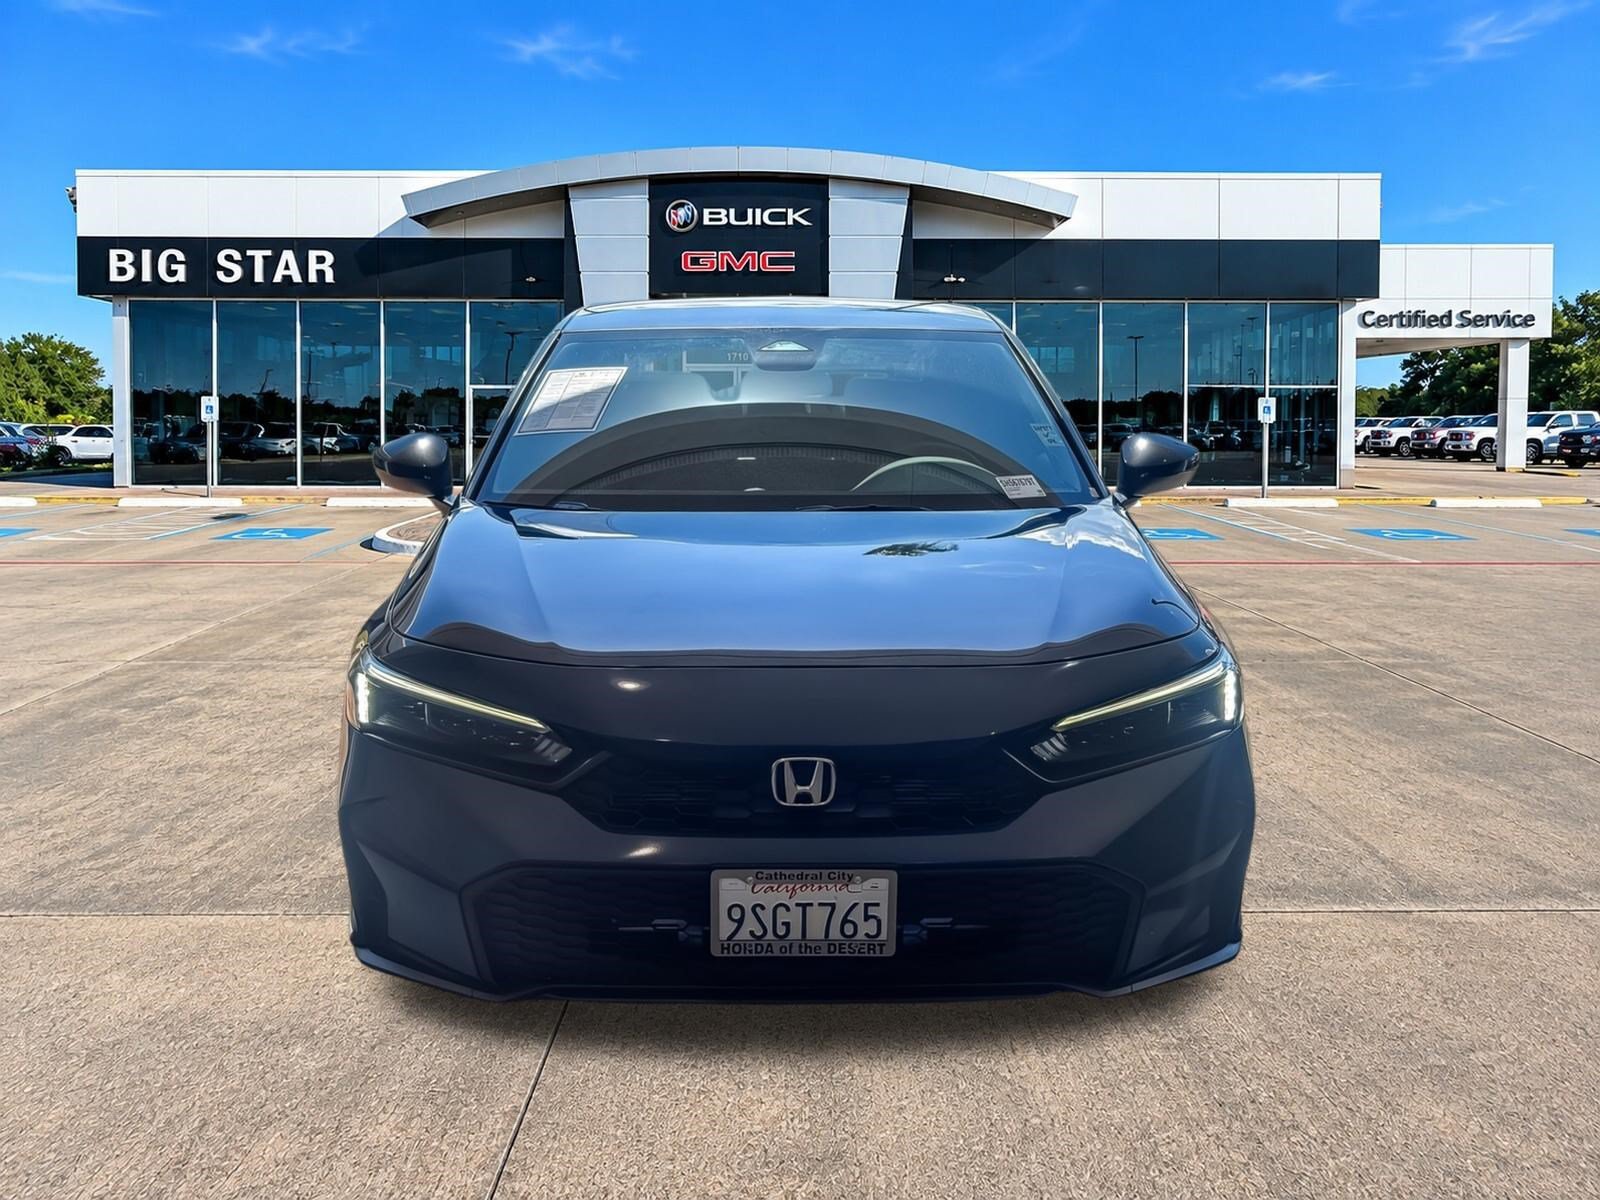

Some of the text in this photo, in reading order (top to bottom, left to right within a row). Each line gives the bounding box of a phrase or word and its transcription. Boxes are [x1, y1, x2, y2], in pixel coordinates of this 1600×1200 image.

[703, 207, 813, 226] BUICK
[108, 249, 335, 284] BIG STAR
[681, 251, 796, 272] GMC
[1359, 309, 1535, 329] Certified Service
[727, 352, 749, 361] 1710
[755, 871, 854, 883] Cathedral City
[727, 902, 882, 941] 9SGT765
[721, 943, 886, 955] HONDA of the DESERT
+ + + + + + +
» **TASK DESCRIPTION**:
Each record should appear again exactly as it stands, with no picture included.

» **OUTPUT BELOW**:
Some of the text in this photo, in reading order (top to bottom, left to right within a row). Each line gives the bounding box of a phrase or word and its transcription. Boxes are [x1, y1, x2, y2], in pixel coordinates of this 1600×1200 image.

[703, 207, 813, 226] BUICK
[108, 249, 335, 284] BIG STAR
[681, 251, 796, 272] GMC
[1359, 309, 1535, 329] Certified Service
[727, 352, 749, 361] 1710
[755, 871, 854, 883] Cathedral City
[727, 902, 882, 941] 9SGT765
[721, 943, 886, 955] HONDA of the DESERT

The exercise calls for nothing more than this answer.